Se pourrait-il que le policier ait pensé avant tout à la sécurité de la maman et de ses deux enfants, de même qu’à celle de ses deux collègues vis-à-vis d’un agresseur armé d’un sabre ? « Tout dépend de la situation à laquelle le tireur était confronté. Il y a le fait que l’épouse, ainsi que les enfants étaient en danger de mort, entre autres », avance le tireur d’élite Jean Bruneau Laurette. Celui-ci, qui est expert en balistique, en combats à mains nues et en armes à feu, précise que « dans un réflexe de survie et afin de protéger tout le monde, le policier a ouvert le feu sur l’abdomen de Bhavish Rosun ».
Tirs de panique ?
Il enfonce davantage le clou pour le tireur : « J’insiste : le policier aurait pu tirer sur les points non-vitaux du présumé agresseur. L’angle de tir du tireur est déterminant. Il faut également analyser le positionnement du tireur au moment des faits, afin de savoir s’il s’agit bel et bien d’un homicide ou de la légitime défense. De par la nature des coups de feu, je suis d’avis que ce sont des tirs de panique, étant donné que le policier a réagi instinctivement à la situation. »
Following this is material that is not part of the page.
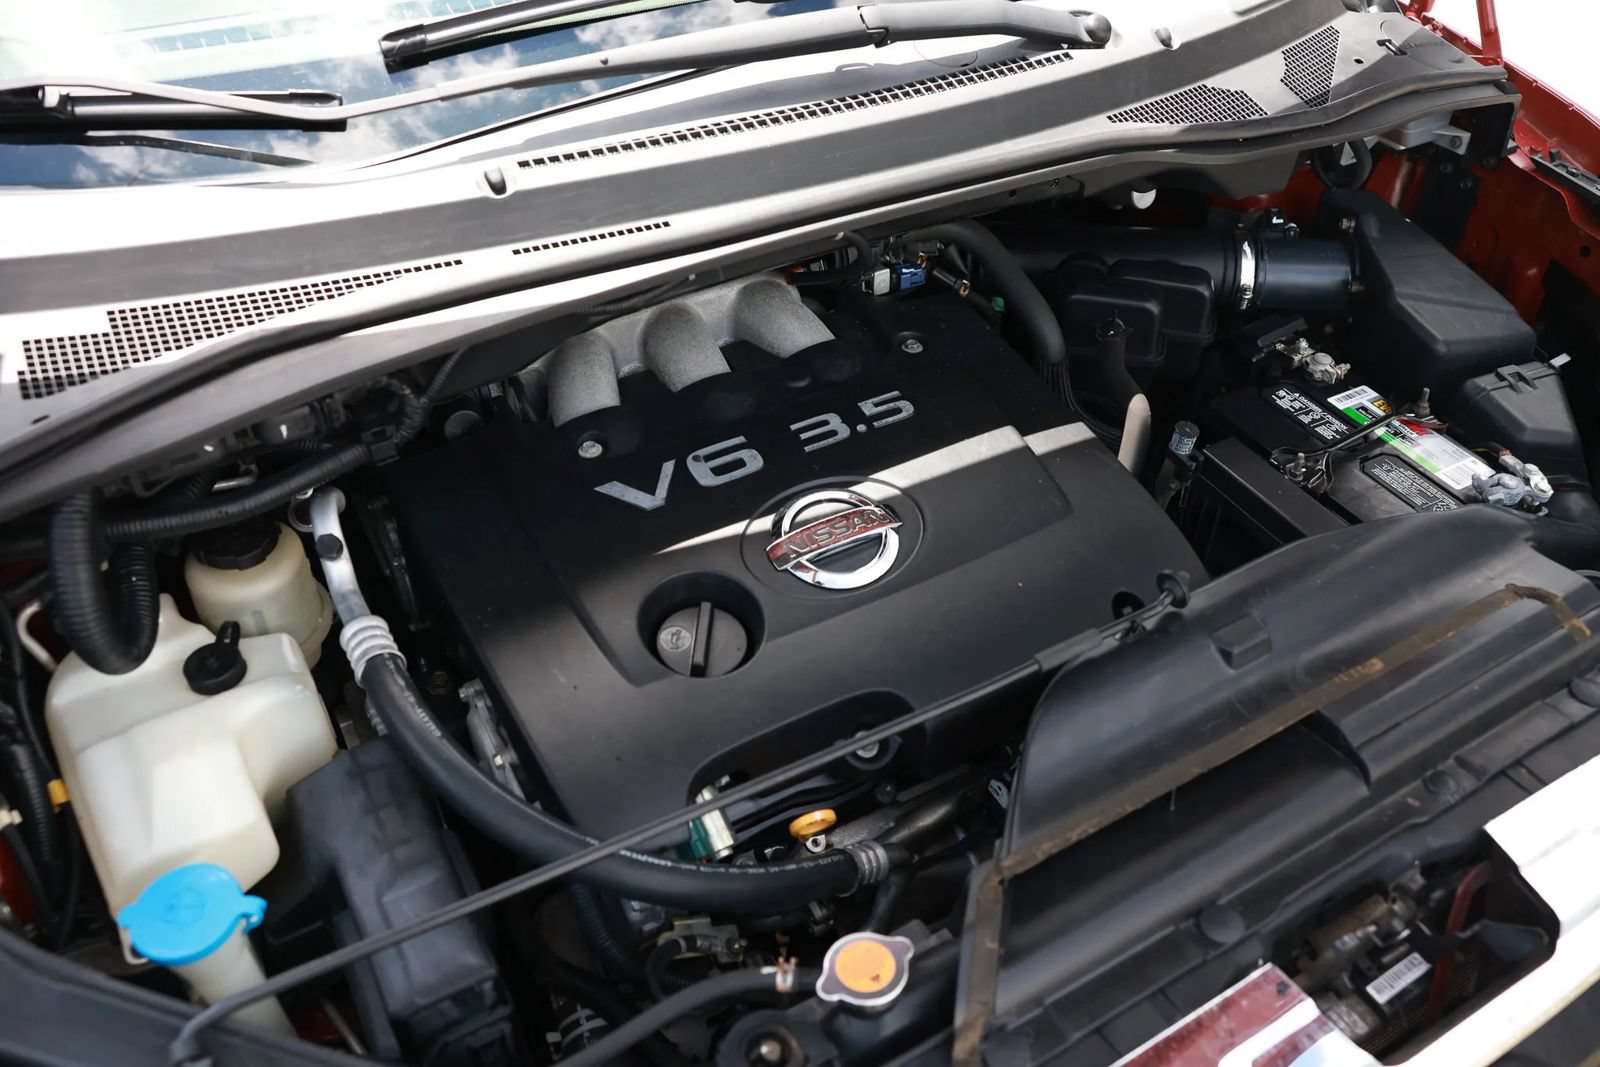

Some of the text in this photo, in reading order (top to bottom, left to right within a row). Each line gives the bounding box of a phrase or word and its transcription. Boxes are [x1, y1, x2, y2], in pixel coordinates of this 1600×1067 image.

[593, 390, 914, 511] V6 3.5
[784, 509, 890, 558] NISSAN
Mais encore ? « En gros, les balles sont éparpillées sur l’upper part of the body. Ce ne sont pas des tirs groupés vers une zone, où les balles se situent dans un rayon de 10 centimètres », poursuit le tireur d’élite.
Jean Bruneau Laurette souligne également qu’il est important de déterminer le degré d’insécurité auquel l’épouse et les présumés agresseurs, mais principalement le tireur, était confronté. « La proportionnalité est un facteur important à considérer, lorsqu’une personne ouvre le feu sur un autre individu. Si deux personnes avec une arme à feu en main s’affrontent, c’est une chose. Mais à Henrietta, le présumé agresseur avait un sabre à la main et le policier… une arme à feu », poursuit-il.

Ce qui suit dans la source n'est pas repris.